Кисти рук уже тем временем подавали жалкие сигналы бедствия, как вымирающий биологический вид южных теплолюбивых птах, которых на всём вымерзшем белом шарике осталась всего одна пара. Не останавливаясь, на бегу, Елена начала стаскивать с себя яркий хохломской платок, — из стеснительности она так и не подарила его ни одному басурманину в Баварии: и теперь не для сугреву скорее, а для стёбу, носила его наискосок, поверх зимней желтой куртки, расправляя невообразимую расписную поверхность с черными вязаными кистями на одном плече, а на втором оставляя завязанные хвосты — причем ровно на пятый день на факультете с хохотом увидела, как две приблатненные бабцы с международки раздобыли себе похожие платки и ходить стали теперь точно так же — решив, видимо, что это ужасно модно.
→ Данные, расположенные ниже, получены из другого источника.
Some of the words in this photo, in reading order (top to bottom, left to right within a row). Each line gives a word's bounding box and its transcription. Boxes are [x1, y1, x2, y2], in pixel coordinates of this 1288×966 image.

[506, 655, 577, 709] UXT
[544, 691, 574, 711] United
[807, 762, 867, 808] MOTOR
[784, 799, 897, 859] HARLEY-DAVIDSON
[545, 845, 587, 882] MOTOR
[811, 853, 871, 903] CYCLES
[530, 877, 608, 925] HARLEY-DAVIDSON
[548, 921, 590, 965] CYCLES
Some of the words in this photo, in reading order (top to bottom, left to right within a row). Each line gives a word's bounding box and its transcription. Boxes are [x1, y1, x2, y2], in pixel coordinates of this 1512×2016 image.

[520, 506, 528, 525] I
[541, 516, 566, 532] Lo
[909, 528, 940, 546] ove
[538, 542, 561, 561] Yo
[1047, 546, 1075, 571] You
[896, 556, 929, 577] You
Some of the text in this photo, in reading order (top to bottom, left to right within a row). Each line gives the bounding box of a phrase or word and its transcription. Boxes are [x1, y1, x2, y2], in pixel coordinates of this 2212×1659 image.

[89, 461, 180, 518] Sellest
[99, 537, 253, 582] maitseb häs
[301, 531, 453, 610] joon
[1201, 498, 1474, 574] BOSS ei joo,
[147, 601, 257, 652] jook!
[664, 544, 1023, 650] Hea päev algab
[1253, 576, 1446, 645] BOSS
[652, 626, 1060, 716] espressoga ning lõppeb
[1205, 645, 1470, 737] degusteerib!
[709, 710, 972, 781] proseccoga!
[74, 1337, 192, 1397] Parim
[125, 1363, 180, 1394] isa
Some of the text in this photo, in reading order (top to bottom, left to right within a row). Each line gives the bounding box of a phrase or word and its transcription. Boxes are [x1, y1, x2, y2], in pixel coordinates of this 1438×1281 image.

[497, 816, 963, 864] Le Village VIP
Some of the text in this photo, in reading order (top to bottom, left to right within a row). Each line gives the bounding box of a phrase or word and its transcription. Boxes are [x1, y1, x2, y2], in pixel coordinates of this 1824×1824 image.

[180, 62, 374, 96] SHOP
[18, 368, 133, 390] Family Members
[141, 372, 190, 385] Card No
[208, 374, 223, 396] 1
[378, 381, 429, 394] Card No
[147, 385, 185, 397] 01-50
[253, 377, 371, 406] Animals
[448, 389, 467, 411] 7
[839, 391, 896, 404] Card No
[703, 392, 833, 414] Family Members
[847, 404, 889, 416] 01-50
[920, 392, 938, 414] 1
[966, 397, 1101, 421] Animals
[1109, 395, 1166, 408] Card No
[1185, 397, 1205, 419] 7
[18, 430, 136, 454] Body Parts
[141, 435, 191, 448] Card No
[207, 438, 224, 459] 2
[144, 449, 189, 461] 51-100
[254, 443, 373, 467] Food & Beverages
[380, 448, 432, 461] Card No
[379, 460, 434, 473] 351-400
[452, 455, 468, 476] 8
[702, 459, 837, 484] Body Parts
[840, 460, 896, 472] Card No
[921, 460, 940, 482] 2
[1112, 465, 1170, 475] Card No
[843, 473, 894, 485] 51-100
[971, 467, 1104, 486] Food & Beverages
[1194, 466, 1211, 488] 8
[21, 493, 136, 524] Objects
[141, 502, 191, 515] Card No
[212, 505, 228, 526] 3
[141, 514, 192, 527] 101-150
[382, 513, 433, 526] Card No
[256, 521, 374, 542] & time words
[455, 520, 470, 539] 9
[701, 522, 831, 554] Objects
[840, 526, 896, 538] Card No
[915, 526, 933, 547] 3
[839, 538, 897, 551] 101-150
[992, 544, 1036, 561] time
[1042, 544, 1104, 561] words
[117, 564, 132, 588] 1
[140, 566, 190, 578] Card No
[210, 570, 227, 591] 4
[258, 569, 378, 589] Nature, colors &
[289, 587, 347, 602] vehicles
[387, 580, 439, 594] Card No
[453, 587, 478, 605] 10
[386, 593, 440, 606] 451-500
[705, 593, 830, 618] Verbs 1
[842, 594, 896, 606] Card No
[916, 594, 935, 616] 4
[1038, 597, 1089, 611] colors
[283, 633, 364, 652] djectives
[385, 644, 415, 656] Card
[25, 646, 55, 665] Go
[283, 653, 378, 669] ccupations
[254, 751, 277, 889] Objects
— Ну, будет сейчас муфта, — дрожа, приговаривала Елена самой себе, наматывая кустодиева на кулаки и беря очередной вираж ледяной горы. И тут же с размаху шлепнулась по самому центру дороги, на самом склоне, напротив оглоушенного, и все никак не могущего прийти в себя Ивановского монастыря, — и, все еще продолжая, на оказавшемся внезапно страшно скользким джинсовом заду, неумолимо нестись вниз, под горку, к машинам, по раскатанному, как будто кем-то заботливо залитому, горбу мостовой — и страшно обжигая об лед ладони — поскольку кустодиев сразу отлетел куда-то в кювет, — тормозя голыми костяшками пальцев, как в каком-нибудь дурном сне про бобслеиста, пытаясь не влететь под криво припаркованные по краям автомобили — и радуясь, что ни один сумасшедший не решается ехать сейчас сюда, в горку, ей навстречу, — исцарапав уже все руки о вмерзшие в лед облитые пирамидки снега, она вдруг некстати, по сходству температур, в холодной темной вспышке вспомнила мерзкий ледяной мюнхенский сон про то, как не может Крутакову дозвониться. И Крутакова уже просто до оторопи захотела увидеть. «Ну, это ведь явно из-за того только, что у меня нет с собой запасной двушки, и потому что я так обидно грохнулась!» — успокоила себя она, безуспешно пытаясь пришпорить лед пластиковыми пятками дутых сапог — и заметив вдруг неприятное жалящее роение цц в ни коим образом не отражающих реальную реальность, соседствующих, еле-еле светящихся вывесках «Свет» и «Цветы», к которым она на скорости неслась — прямо под колеса. Перекресток с Солянкой запружен был уже отнюдь не катающимися на заду девицами, а машинами с бешеными, сигналящими, сошедшими с ума из-за ледяных пробок всадниками — и сохатыми троллейбусами с обледенелыми валкими ро́жками, которые, как все время казалось, едут в неправильную сторону, и все время норовят из-за узины и спертости зафигужить колесами на тротуар. Едва затормозив перед выездом в этот чуть припорошенный песком с солью бедлам, она подгребла к обочине, встала, и, отряхиваясь, орудуя ребрами подошв как коньками, пересекла дорогу и, не отрывая стоп от бугристого катка мостовой, с пластиковым свиристом покатила вниз уже дальше по тротуару — мимо блокадно-пустых Овощей-Фруктов и Парикмахерской — для разнообразия, уже на собственных двоих — ко входу в метро.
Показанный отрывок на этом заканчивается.